Predict which subscribers will cancel in the next 30 days.

Frame it

  • Binary classification over a prediction window; define churn precisely (no activity 30d? cancellation event?).
  • Output a risk score that triggers a retention intervention.

Features

  • Engagement trend (declining usage is the strongest signal), tenure, support tickets, billing events, RFM.
  • Build features as of a cutoff date to avoid label leakage.

Model

  • Gradient-boosted trees on tabular features; survival analysis if you care about time-to-churn.
  • Calibrate scores so retention budget targets the right users.

Metrics

  • Offline: PR-AUC, lift@decile.

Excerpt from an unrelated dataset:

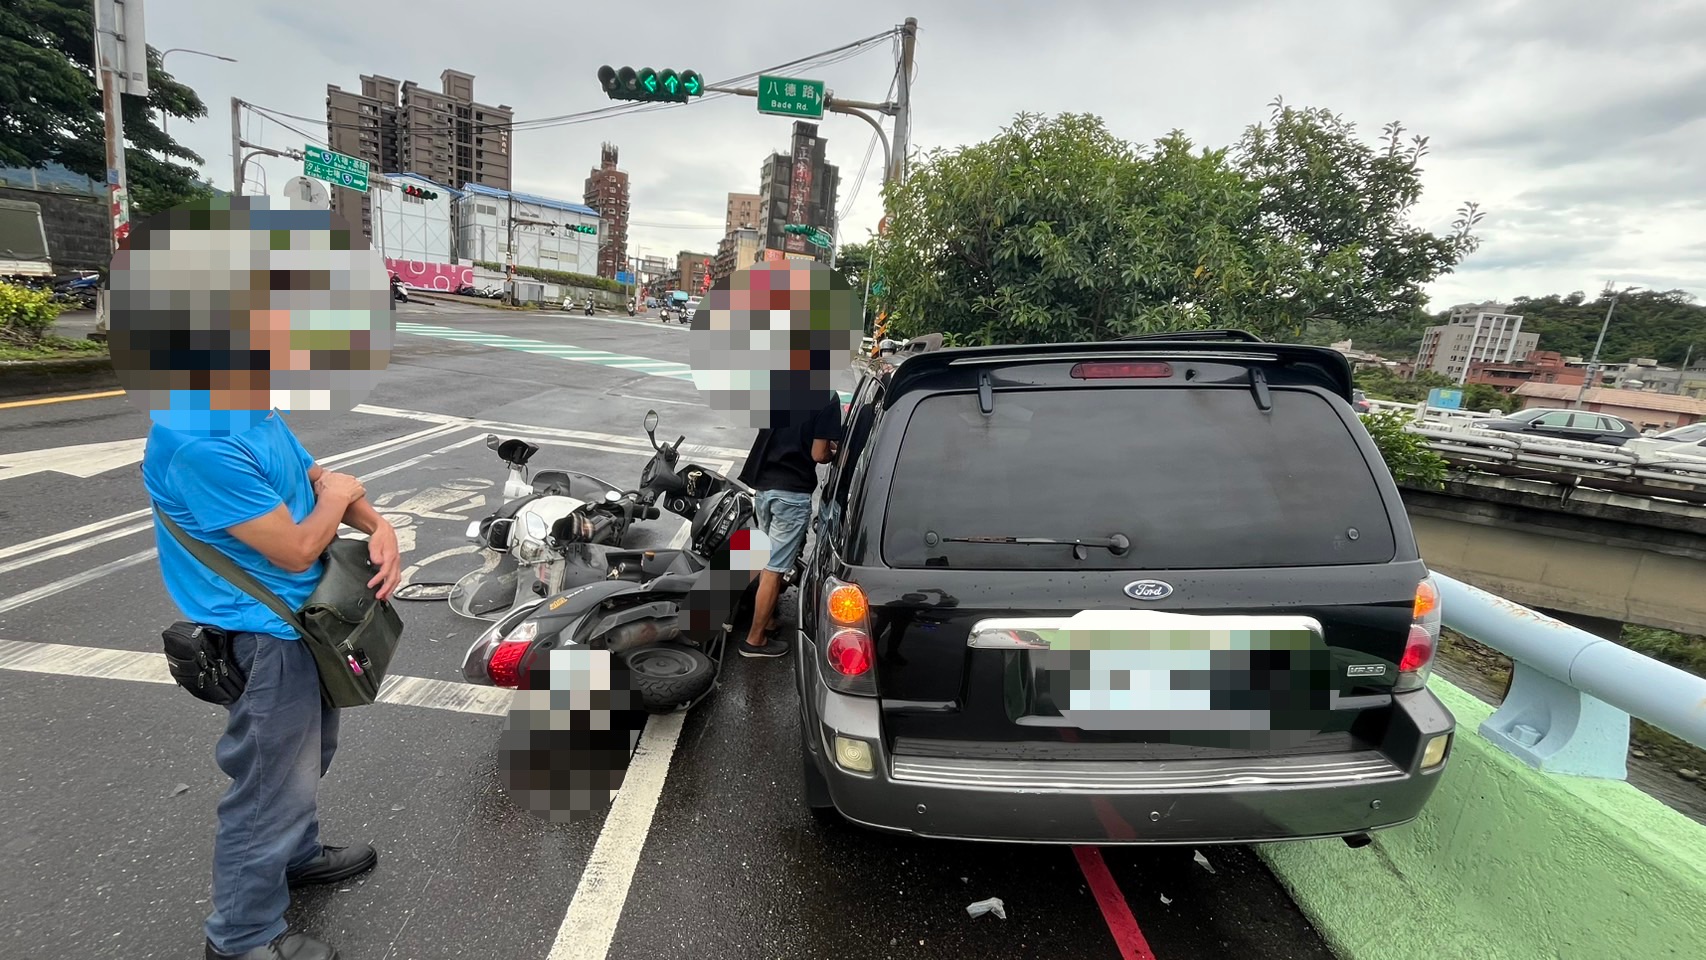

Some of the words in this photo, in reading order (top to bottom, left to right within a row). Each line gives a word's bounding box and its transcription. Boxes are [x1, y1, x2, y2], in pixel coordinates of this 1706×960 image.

Business: retained revenue from interventions (measured via holdout).
  • Uplift modeling: target users the intervention actually changes, not just high-risk users.

Pitfalls

  • Leakage from features recorded after the churn decision.
  • Acting on the score changes future data (intervention effect).
🚗

ETA / Delivery-Time Prediction

Predict arrival time for a ride-hailing or food-delivery app.

Frame it

  • Regression on travel time; often predict a distribution (quantiles), not a point, to set expectations.
  • Decompose: route time + pickup/handoff time + queueing.

Features

  • Distance, historical segment speeds, time-of-day, weather, traffic, driver/restaurant state.
  • Real-time signals (current congestion) via streaming features.

Model

  • GBT baseline; graph neural nets / road-segment models for routing-aware estimates.
  • Quantile loss for under-promise/over-deliver behavior.

Metrics

  • MAE / quantile loss; % of arrivals within the promised window.
  • Asymmetric cost: being late is worse than being early.

Pitfalls

  • Self-fulfilling: shown ETA changes user/driver behavior.
  • Long-tail events (accidents, surges) dominate user dissatisfaction.
🧹

Content Moderation

Detect harmful images/text (spam, NSFW, hate) at upload scale.

Frame it

  • Multi-label classification across policy categories; very high recall on severe categories.
  • Multi-stage: cheap filter → ML model → human review for the uncertain band.

Model

  • Fine-tuned vision/text transformers; multimodal for memes (image+text).
  • Hash-matching (PhotoDNA-style) for known-bad content before the model.

Data

  • Severe imbalance and shifting adversarial content; active learning on borderline cases.
  • Human-labeled golden set per policy with clear guidelines.

Metrics

  • Recall on harmful content (don't miss), precision (don't over-remove), appeal-overturn rate.
  • Per-category thresholds tuned to harm severity.

Pitfalls

  • Adversarial evasion (obfuscated text, cropped images); context matters (satire vs hate).
  • Reviewer well-being and consistency.
📈

Demand Forecasting

Forecast daily demand per product/store for inventory planning.

Frame it

  • Time-series regression at scale (thousands of series); predict horizon with uncertainty.
  • Hierarchical: forecasts should reconcile across product/store/region levels.

Features

  • Lags, rolling stats, seasonality (weekly/yearly), holidays, promotions, price, weather.
  • Avoid leakage — only use information available at forecast time.

Model

  • Baselines: seasonal naive, ETS/ARIMA. Scale: gradient-boosted trees (LightGBM) on engineered features, or global deep models (DeepAR / Temporal Fusion Transformer).
  • Quantile forecasts for safety stock.

Metrics

  • MAPE / WAPE / pinball loss; bias (consistent over/under-forecasting hurts inventory).
  • Backtest with rolling-origin evaluation, never random splits.

Pitfalls

  • Intermittent/zero-heavy demand; cold-start for new products.
  • Promotions and stockouts distort the historical signal.